Dan Brown's Lost Symbol

The Truth? You can't handle the truth!........ A Few Good Men

The Nicholson quote is a theme of every big Dan Brown novel. There is always some set of events which must be concealed from the credulous masses. The Lost Symbol is no exception, only this time that which must be hidden is so banal that I can hardly guess who would care. The other invariable theme is the existence of some sensational but long hidden mystical knowledge, which the hero must unravel by virtue of his decoding skills. These themes served Brown pretty well in The Da Vinci Code and Angels and Demons, but here they are starting to look a bit threadbare.

Brown's novelistic virtues are easily summarized: he knows how to create page turning suspense, his ultrashort chapters package the suspense into bite size tidbits, and finally, the richly detailed architectural research that underlies each book gives them a vividness beyond their otherwise modest virtues.

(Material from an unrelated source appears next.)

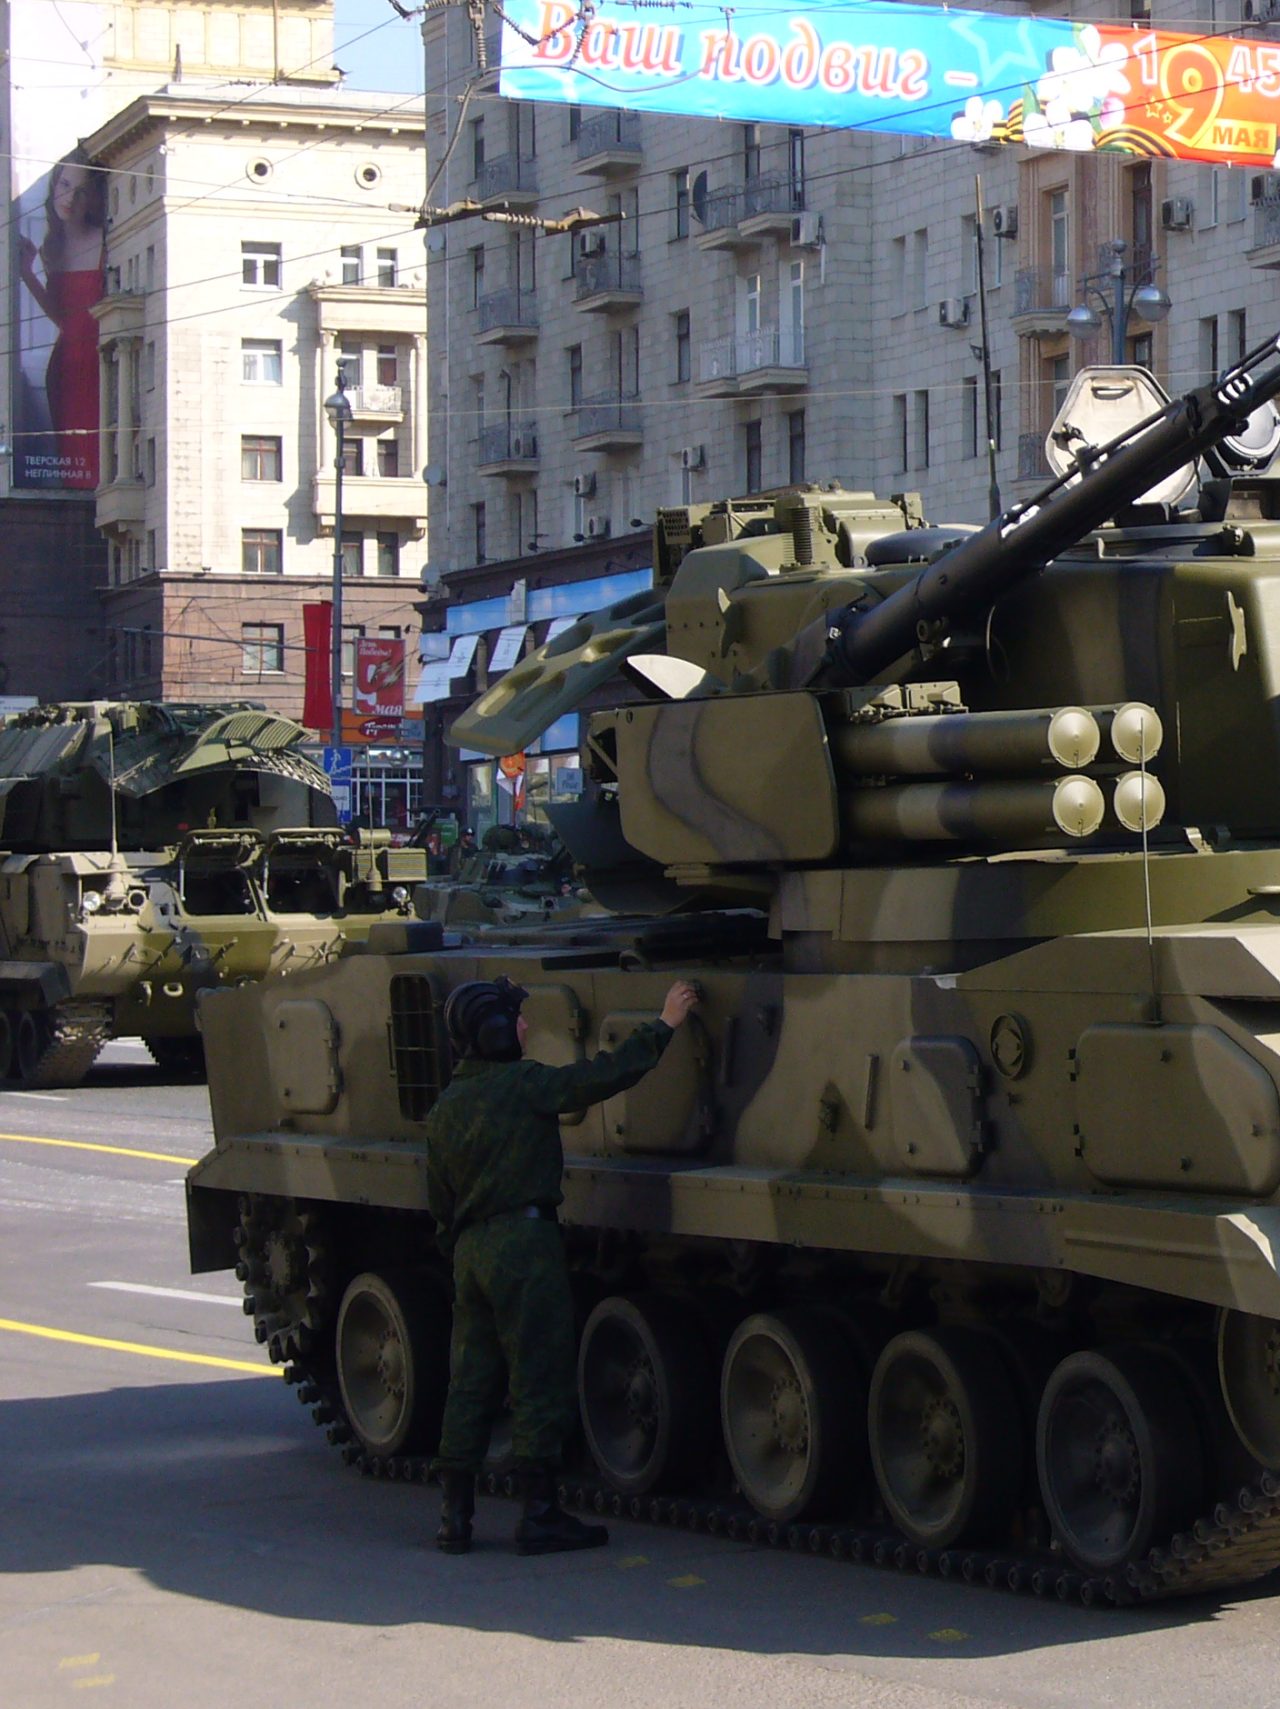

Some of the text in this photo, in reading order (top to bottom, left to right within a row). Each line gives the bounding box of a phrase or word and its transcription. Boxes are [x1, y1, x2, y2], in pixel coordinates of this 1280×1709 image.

His faults are plenty obvious too: weak and wooden dialog, nearly nonexistent characterization, and the heavily doctored version of history upon which the plots invariably hang.

Art is at best a rather rough simulacrum of life, and every work of art requires a certain amount of cooperation between artist and audience. The first job of a writer, then, is to get the reader to buy into his fiction. The masters of genre fiction have developed a standard set of gimmicks for accomplishing this and with luck, it becomes a conditioned reflex for the reader. The very best selling authors - Tom Clancy, Dan Brown, John Grisham, and Jo Rowling - each developed reliable formulas to do the job.

Dan Brown's formula is particularly repetitive - a sinister villain with occult links, a grisly crime with clues steeped in ancient hocus pocus, a mishmash of Masonic and Catholic mystery, and an urgent summons for his annoyingly dull but supposedly brilliant hero. None of these things is a major obstacle for me - I'm good at suspending disbelief.

*** Some Spoilers Follow ***************

The Lost Symbol follows the formula, but this time the magical principle at stake is truly irritating: Some "ancient mysterious magic" of the kind sold by every street corner New Age charlatan, in the form of the untapped power of the human mind to rule matter if you just know the right kind of magic - Brown calls it Noetic science. This is a pretty distasteful brew for me to swallow. There are other irritations. The villain gets away with his dastardly deeds by virtue of truly obtuse decisions by the responding authorities.


If you were one of those skeptical children surprized by Red Riding Hood's failure to recognize the wolf in Grandmother's clothing, you may find some equally implausible failures to recognize here. You might also be disappointed by the tendency of the characters to fall for the same trick again and again.